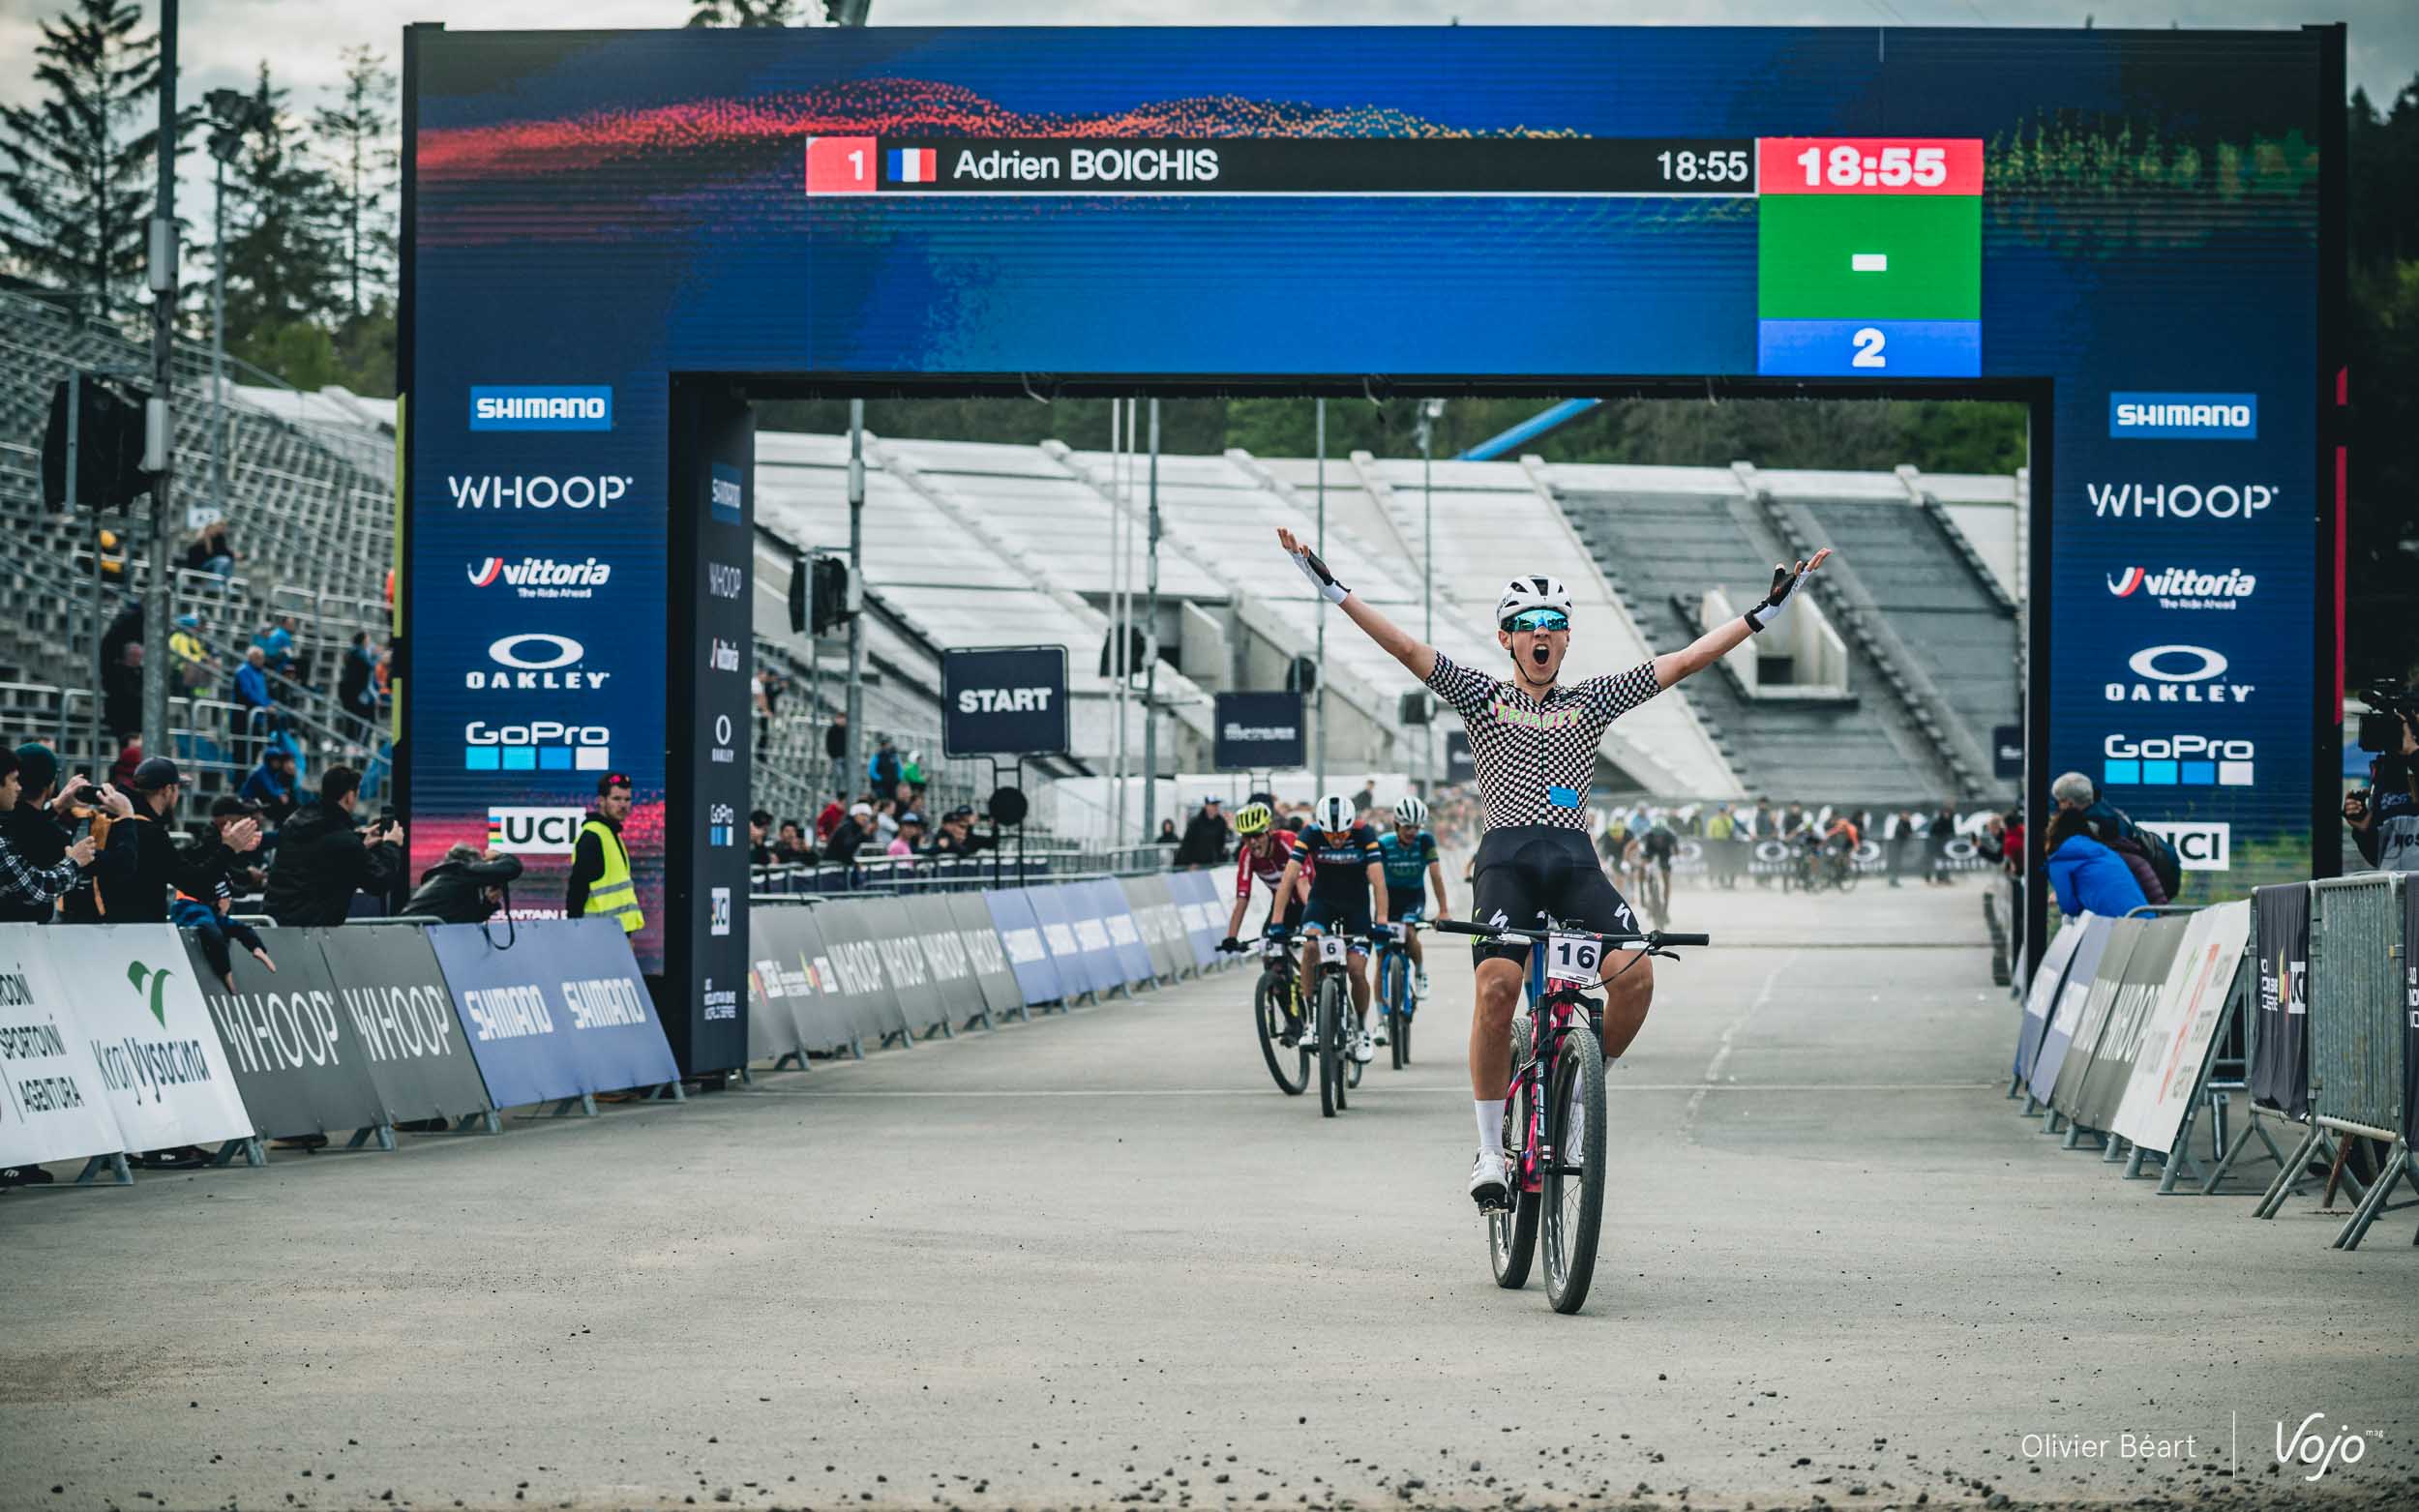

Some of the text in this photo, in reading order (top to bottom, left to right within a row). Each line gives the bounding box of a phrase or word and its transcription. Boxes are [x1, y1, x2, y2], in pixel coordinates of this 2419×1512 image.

[848, 148, 1748, 182] 1 Adrien BOICHIS 18:55
[1798, 146, 1947, 187] 18:55
[1852, 328, 1887, 368] 2
[476, 398, 606, 419] SHIMANO
[2116, 404, 2251, 427] SHIMANO
[448, 475, 627, 509] WHOOP
[2087, 483, 2274, 519] WHOOP
[502, 557, 612, 585] vittoria
[2143, 567, 2257, 597] vittoria
[465, 671, 608, 690] OAKLEY
[2105, 683, 2251, 702] OAKLEY
[958, 687, 1053, 714] START
[465, 721, 610, 745] GoPro
[2105, 733, 2255, 759] GoPro
[506, 816, 577, 845] UCI
[2166, 832, 2221, 861] CI
[1327, 942, 1336, 955] 6
[1557, 942, 1597, 969] 16
[464, 984, 554, 1041] SHIMANO
[560, 977, 646, 1030] SHIMANO
[0, 1014, 67, 1060] SPORTOVNÍ
[210, 990, 339, 1074] WHOOP
[343, 985, 451, 1062] WHOOP
[90, 1039, 142, 1107] Kraj
[17, 1075, 85, 1114] AGENTURA

........

→ TASK STATEMENT
The task calls for every record to be transcribed exactly, with no images included.

→ TASK RESPONSE
Some of the text in this photo, in reading order (top to bottom, left to right within a row). Each line gives the bounding box of a phrase or word and its transcription. Boxes are [x1, y1, x2, y2], in pixel coordinates of this 2419×1512 image.

[848, 148, 1748, 182] 1 Adrien BOICHIS 18:55
[1798, 146, 1947, 187] 18:55
[1852, 328, 1887, 368] 2
[476, 398, 606, 419] SHIMANO
[2116, 404, 2251, 427] SHIMANO
[448, 475, 627, 509] WHOOP
[2087, 483, 2274, 519] WHOOP
[502, 557, 612, 585] vittoria
[2143, 567, 2257, 597] vittoria
[465, 671, 608, 690] OAKLEY
[2105, 683, 2251, 702] OAKLEY
[958, 687, 1053, 714] START
[465, 721, 610, 745] GoPro
[2105, 733, 2255, 759] GoPro
[506, 816, 577, 845] UCI
[2166, 832, 2221, 861] CI
[1327, 942, 1336, 955] 6
[1557, 942, 1597, 969] 16
[464, 984, 554, 1041] SHIMANO
[560, 977, 646, 1030] SHIMANO
[0, 1014, 67, 1060] SPORTOVNÍ
[210, 990, 339, 1074] WHOOP
[343, 985, 451, 1062] WHOOP
[90, 1039, 142, 1107] Kraj
[17, 1075, 85, 1114] AGENTURA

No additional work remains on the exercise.